# New PPV



## keithf40 (Jul 17, 2019)

Bikini wrestling women only 

Sent from my SM-G991U using Tapatalk


----------



## Guku (4 mo ago)

If it was the 90s or 21st t'hat would be sexy


----------



## American_Nightmare (Feb 17, 2016)

Replace Survivor Series with WarGames


----------



## Guku (4 mo ago)

War games could be insane do you remember the old world?


----------



## [The_Game] (Aug 13, 2007)

Perhaps a king of the ring PLE, where all matches in the tournament take place on the same night. All competing for the world title. I recently watched the 85 classic ppv with their 16 man tournament, I think it could be worth watching a tournament like such seeing stars compete multiple times on the night.

Or another mini tournament held at a PLE, like the famous night with the 3 match tournament where Jericho beat both the rock and Austin on one night for the titles.


----------



## robreynolds1234 (4 mo ago)

[The_Game] said:


> Perhaps a king of the ring PLE, where all matches in the tournament take place on the same night. All competing for the world title.
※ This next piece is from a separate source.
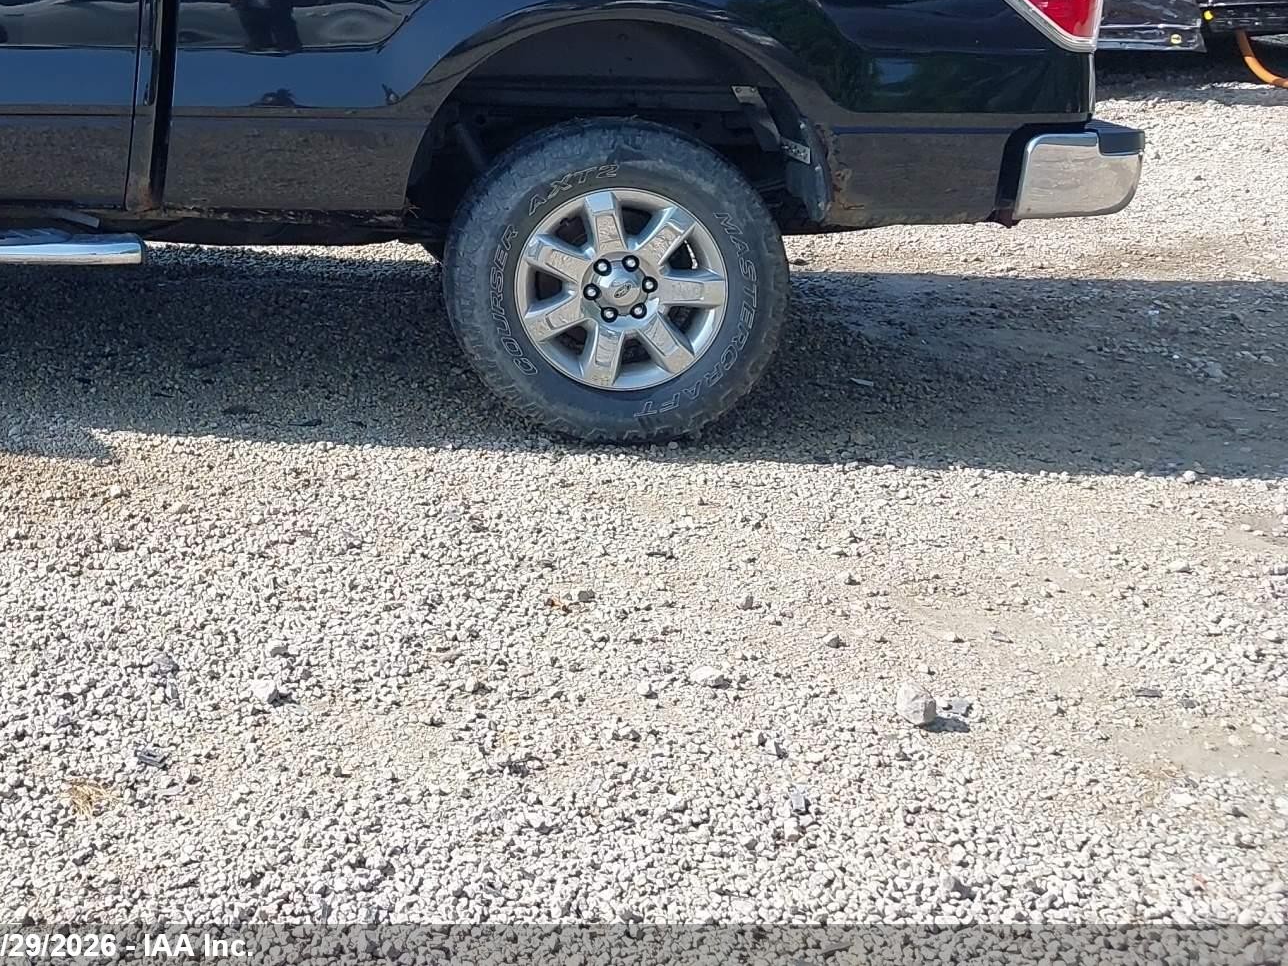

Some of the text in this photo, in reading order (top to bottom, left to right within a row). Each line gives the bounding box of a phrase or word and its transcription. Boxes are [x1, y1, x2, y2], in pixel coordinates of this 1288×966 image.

I recently watched the 85 classic ppv with their 16 man tournament, I think it could be worth watching a tournament like such seeing stars compete multiple times on the night.
> 
> Or another mini tournament held at a PLE, like the famous night with the 3 match tournament where Jericho beat both the rock and Austin on one night for the titles.


4 or 8 wrestlers tournament on the same event would be ok. They can bring back the King of the Ring PPV and do 7 matches to crown the winner.

But 16 man tournament on the same event would be very tiring for both the wrestlers and the viewers and I am sure most of the matches would be very ordinary just to have a winner.

If I had to add a PPV, I would add 'Iron Fist'. It would feature:

30 minutes iron man tag team match for tag titles.

30 minutes singles iron man match for IC Title.

30 minutes singles iron man falls count anywhere match for the WWE world title.

30 minutes triple threat iron woman match for the WWE womens world title.

60 minutes fatal four way no holds barred iron man match for the WWE Universal title, the wrestler with most pins wins, in case of a tie, we will do one fall match only including the wrestlers tied at top pins.


----------



## [The_Game] (Aug 13, 2007)

robreynolds1234 said:


> 4 or 8 wrestlers tournament on the same event would be ok. They can bring back the King of the Ring PPV and do 7 matches to crown the winner.
> 
> But 16 man tournament on the same event would be very tiring for both the wrestlers and the viewers and I am sure most of the matches would be very ordinary just to have a winner.
> 
> ...


I think that might be too many iron man matches for one night and fans would get bored especially with the length of the matches. However, I do want to see more iron man matches they’re awesome, used to be my go to in 2 player Wwe games. And I like the idea of a tag team iron man match.


----------



## robreynolds1234 (4 mo ago)

[The_Game] said:


> I think that might be too many iron man matches for one night and fans would get bored especially with the length of the matches. However, I do want to see more iron man matches they’re awesome, used to be my go to in 2 player Wwe games. And I like the idea of a tag team iron man match.


That's 3 hours of total wresting time, add in other stuff it's maximum of 4 hours PPV. That's normal for today's PPV standards except for Wrestlemania.

Throw in good wrestlers in all the matches, have some variety like hardcore stipulations stuff, 3 way/4 way and we will have a fun PPV.

Some good PPV's have 3-4, 25+ minutes matches anyways, so I don't see why it would get tiring. And yeah but much again depends on what kind of wrestlers and matches are set-up and what kind of fans like long matches.

You can root for Styles vs. McIntyre in a match for 30 minutes, but we can't imagine Goldberg and Strowman wrestling for 30 minutes.

And I can't recall if there was ever a tag team, women's, triple threat, fatal four way, falls count anywhere, no holds barred iron man matches ever? Please let me know if there were any.

The dream iron man PPV main event:

Reigns vs. Lesnar vs. Lashley vs. Mcintyre- 60 minute no holds barred iron man match for the WWE Universal Title.

Owens vs. Balor- 30 minutes iron man match, neat exposure right?


----------



## [The_Game] (Aug 13, 2007)

robreynolds1234 said:


> That's 3 hours of total wresting time, add in other stuff it's maximum of 4 hours PPV. That's normal for today's PPV standards except for Wrestlemania.
> 
> Throw in good wrestlers in all the matches, have some variety like hardcore stipulations stuff, 3 way/4 way and we will have a fun PPV.
> 
> ...


I’m not sure if there ever has been a tag team one, so I liked the idea. Becky featuring in an iron man match would be cool, and I’d be down for that fatal 4 way iron man for the title with of course Reigns keeping his gold haha.


----------